To produce the approximate segmentation, a three-way scattergram is considered with co-ordinates consisting of the corrected B2 mass thickness reference,
together with the A and B group contrast optical densities. Projecting onto a
hemisphere with the the mass thickness reference as the polar axis (clear embedding medium pixels being excluded) gives a two-way scattergram with two
overlapping clusters. Choosing a line through the waist generates a pair of spatial masks, approximately separating the minerals. The mineral cross-sections
were then estimated by considering the set of two-way scattergrams between
the corrected optical density images and that of the mass-thickness reference,
with one of the approximate mineral selecting masks applied. Again considering
the angular position of each pixel, there is a median value for each scattergram.
Choosing a certain quantile about this median for each scattergram and taking
the intersection over all the scattergrams identifies a set of pixels, which may be
regarded as ‘typical’ in the sense that they remain near the median, irrespective
of disturbance by noise. A proportional line is fitted through these pixels giving a
gradient and error estimate. Since the CaL cross-edge map is included in the set
of scattergrams, the mineral cross-sections at each energy can be deduced from
tabulated values for calcium at the pre-and post-edge locations. This procedure
is robust, in that it is insensitive to the tails of the optical density distributions.

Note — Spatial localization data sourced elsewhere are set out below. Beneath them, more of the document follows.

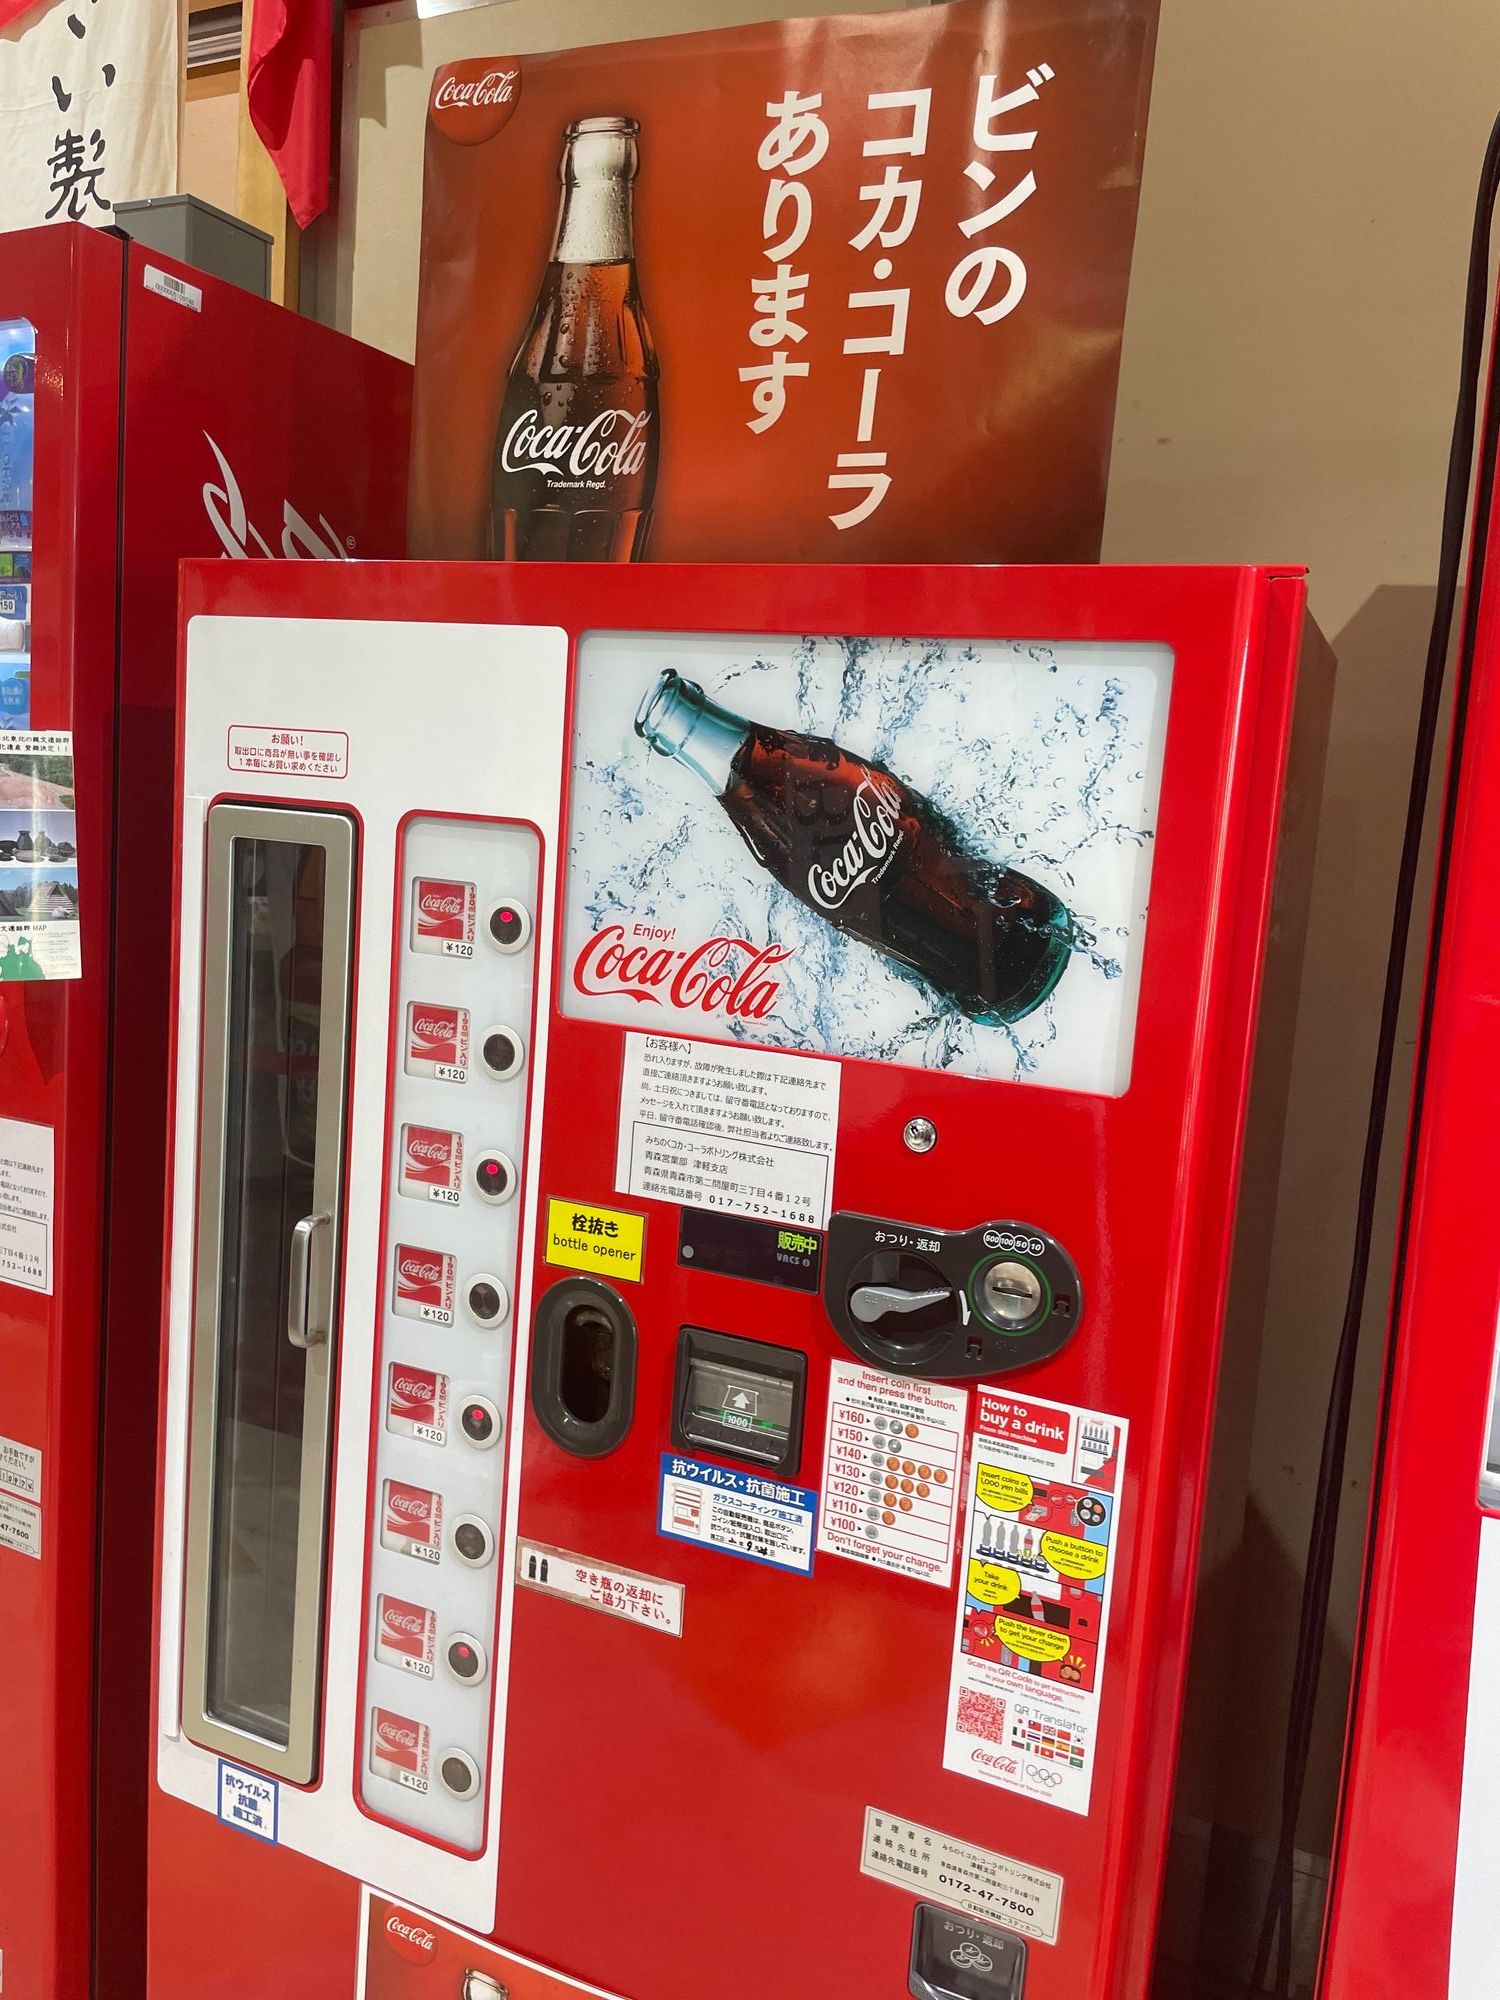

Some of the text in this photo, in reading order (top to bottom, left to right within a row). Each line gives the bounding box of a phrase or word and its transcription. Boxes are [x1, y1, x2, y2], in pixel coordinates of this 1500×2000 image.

[435, 71, 519, 109] Coca-Cola
[945, 62, 1056, 326] ビンの
[738, 91, 830, 435] あります
[827, 87, 933, 531] コカ・コーラ
[502, 409, 652, 476] Coca-Cola
[547, 480, 584, 488] Trademark
[808, 763, 902, 909] Coca-Cola
[871, 850, 897, 884] Trademark
[421, 894, 464, 914] Coca-Cola
[633, 923, 677, 941] Enjoy!
[446, 942, 473, 956] ¥120
[573, 925, 798, 1019] Coca-Cola
[414, 1018, 457, 1038] Coca-Cola
[645, 1037, 692, 1054] 【お客様へ】
[438, 1067, 465, 1080] ¥120
[409, 1140, 449, 1160] Coca-Cola
[693, 1159, 728, 1175] 津軽支店
[433, 1188, 460, 1202] ¥120
[642, 1181, 815, 1224] 連絡先電話番号 017-752-1688
[572, 1213, 619, 1238] 栓抜き
[553, 1233, 636, 1261] bottle opener
[777, 1230, 818, 1255] 販売中
[874, 1230, 941, 1253] おつり・返却
[985, 1234, 1042, 1251] 500 100 50 10
[401, 1259, 440, 1280] Coca-Cola
[424, 1307, 449, 1322] ¥120
[394, 1377, 434, 1400] Coca-Cola
[862, 1371, 932, 1395] Insert coin first
[838, 1377, 855, 1387] and
[857, 1380, 877, 1392] then
[880, 1386, 905, 1400] press
[907, 1392, 923, 1403] the
[924, 1396, 958, 1412] button.
[839, 1410, 865, 1424] ¥160
[981, 1397, 1028, 1417] How to
[728, 1415, 748, 1428] 1000
[980, 1408, 1065, 1441] buy a drink
[417, 1426, 442, 1442] ¥120
[837, 1427, 863, 1442] ¥150
[836, 1445, 861, 1460] ¥140
[835, 1463, 860, 1478] ¥130
[981, 1470, 1000, 1480] Insert
[671, 1458, 806, 1507] 抗ウイルス・抗菌施工
[833, 1481, 859, 1496] ¥120
[1000, 1484, 1014, 1493] yen
[1014, 1486, 1029, 1496] bills
[832, 1499, 857, 1514] ¥110
[831, 1516, 855, 1532] ¥100
[827, 1532, 852, 1546] Don't
[853, 1539, 880, 1555] forget
[883, 1548, 904, 1561] your
[905, 1554, 943, 1573] change.
[1069, 1543, 1094, 1555] button
[1080, 1553, 1099, 1563] drink
[575, 1568, 663, 1605] 空き瓶の返却に
[990, 1580, 1008, 1591] drink
[590, 1589, 672, 1625] ご協力下さい。
[1008, 1629, 1021, 1639] get
[1022, 1632, 1039, 1643] your
[1039, 1636, 1065, 1650] change
[998, 1667, 1011, 1678] QR
[1012, 1670, 1033, 1684] Code
[1014, 1704, 1087, 1734] QR Translator
[971, 1748, 1019, 1774] Coca-Cola
[225, 1773, 271, 1802] 抗ウイルス
[939, 1874, 1034, 1917] 0172-47-7500
[386, 1916, 436, 1951] Coca-Cola
[943, 1921, 1005, 1950] おつり・返却

However the choice of the size of the quantile needs further investigation.
The three mass thickness maps are generated from the seven pre-edge subtracted optical density images using a pseudo inverse from the singular value
decomposition [11], the most reliable method for an overdetermined system. In
fact the estimated relative uncertainty in the cross-sections was found to be comparable with the relative size of the singular values, so that the signal-to-noise
ratio is barely satisfactory.
The mass thickness maps are examined for significant regions of negative
values and of overlap of the mineral phases, Fig. 3. Comparison with the visual
appearance of the field and the preliminary segmentation are made. The optical
density residue maps are then calculated. Inspection readily reveals misregistration in the original images. Plots of residues against estimated optical densities
are examined for trends and offsets from zero which may be interpreted as errors
in the cross-section estimates. Detection of thickness effect distortions depends
on identifying curvature of two-way scattergrams in the presence of broadening by noise. The curvature will be such that the high cross-section reference
optical density becomes less than the trend line at higher values. In projected
three way scattergrams, clusters become extended in the co-latitude direction.
These effects were found with an additional image located at higher energy than
B2 , with greater Ca cross-section. Further, it is helpful to relate pixels in these
suspect areas to their location in the specimen, which contains creases and folds.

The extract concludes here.